You can use a std::reference_wrapper, or the convenient std::ref. std::function will use SOO (small object optimization) in this case, so the object won't be copied/moved (avoiding the slicing problem). However, you won't get the deduction guide so you need to specify the template arguments.

std::function<void()> f1(std::ref(*ptr1));
std::function<void()> f2(std::ref(*ptr2));

回答2:

Would there be any way to make std::invoke(*ptrN) and std::invoke(fN) behave the same way? Or would there be any way to create a new function wrapper that would deal with virtual functions?

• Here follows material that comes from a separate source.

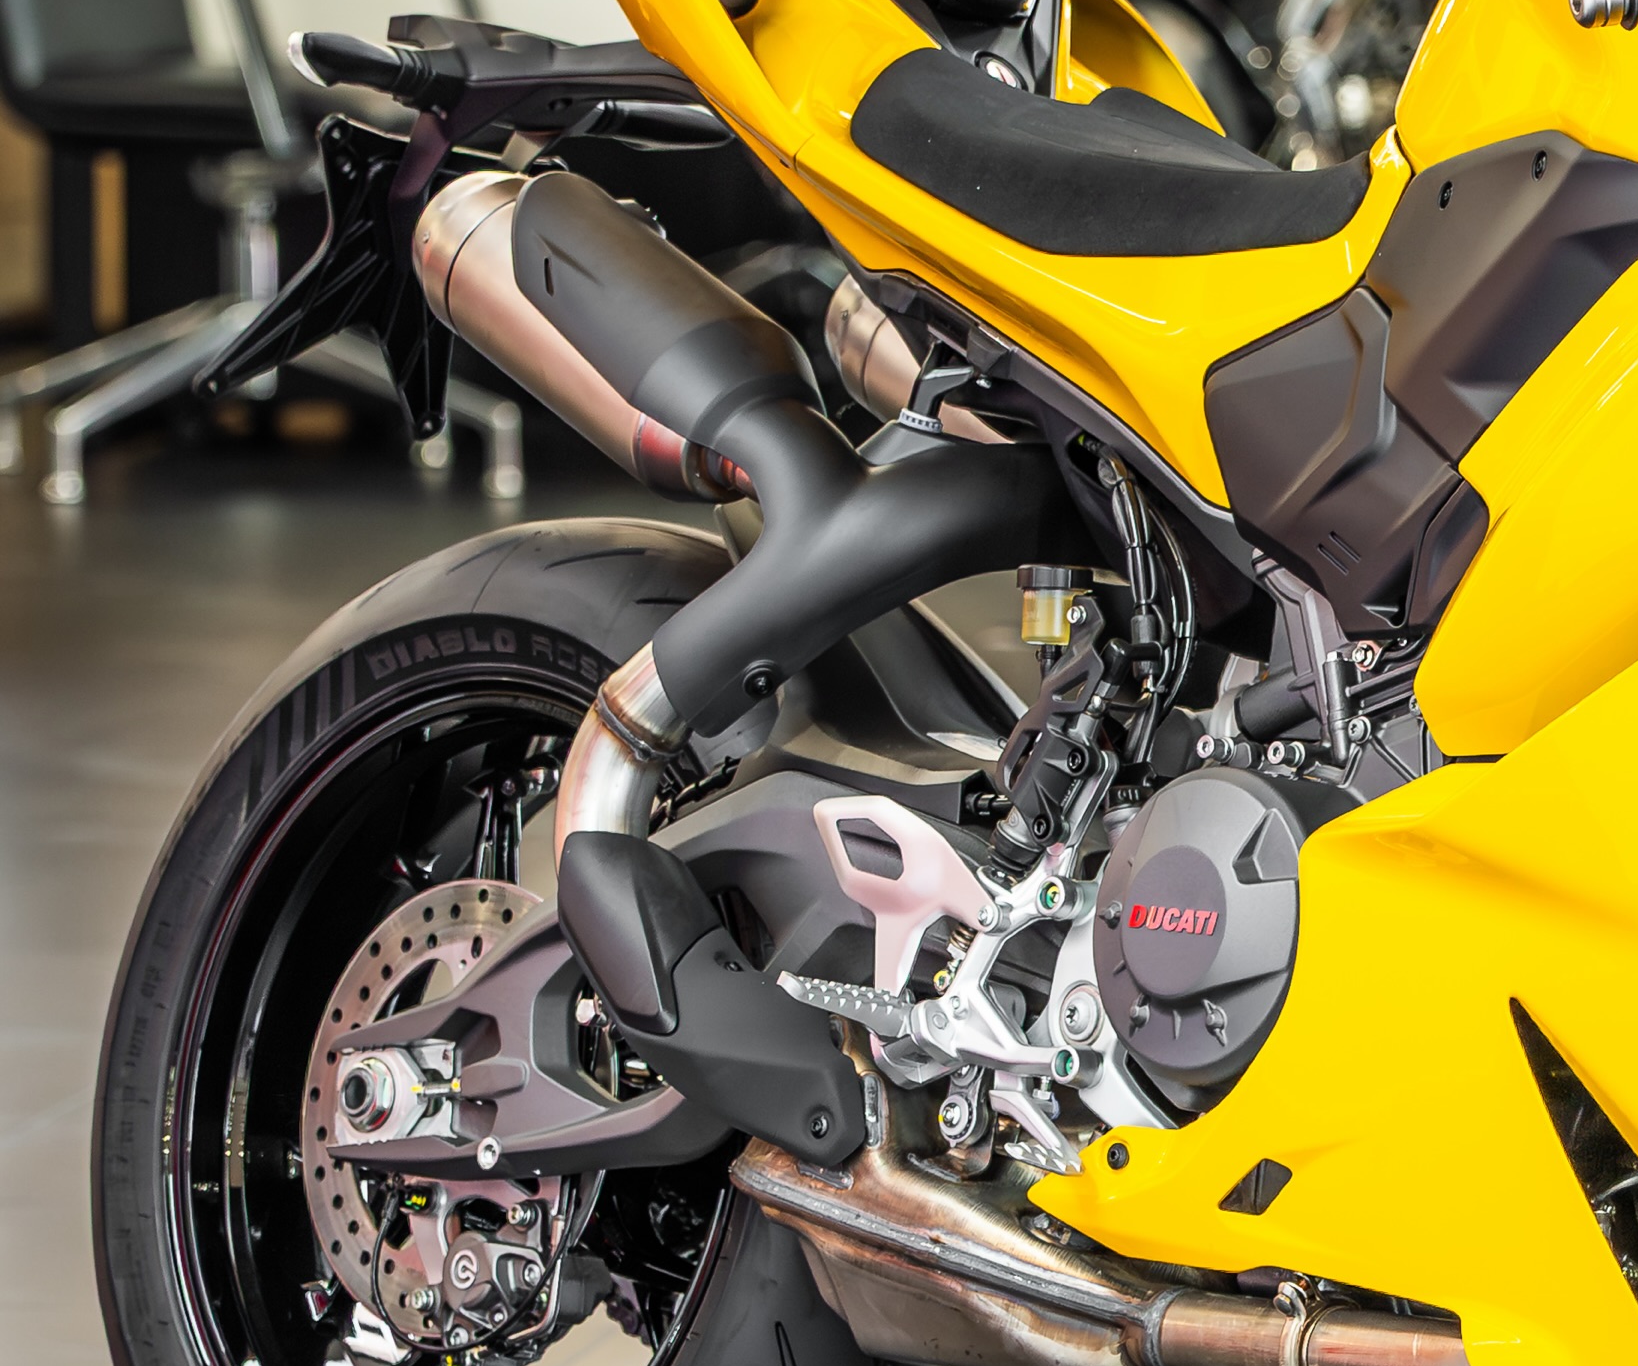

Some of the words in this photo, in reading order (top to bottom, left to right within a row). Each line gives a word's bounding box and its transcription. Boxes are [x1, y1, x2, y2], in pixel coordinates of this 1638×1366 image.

[366, 626, 518, 681] DIABLO
[530, 635, 612, 684] ROS
[1128, 904, 1219, 936] DUCATI

std::function copies its arguments to be able to run later, as already suggested in the comments to the question.
Therefore you can just avoid slicing objects and copy something else that is able to deal correctly with polymorphism.
As an example:

std::function f1([ptr1](){ (*ptr1)(); });
std::function f2([ptr2](){ (*ptr2)(); });

回答3:

your code doesn't pass instance of derived class to std::function, instead, it constructs new base object by copying instance of derived, which is passed to std::function.

回答4:

A simple way to avoid the slicing copy made by std::function is to bind the method operator() to the object it should be applied.

So you could write:

auto f1 = std::bind(&base::operator(), ptr1);
auto f2 = std::bind(&base::operator(), ptr2);
std::invoke(f1);                          // calls derived1::operator()
std::invoke(f2);                          // calls derived2::operator()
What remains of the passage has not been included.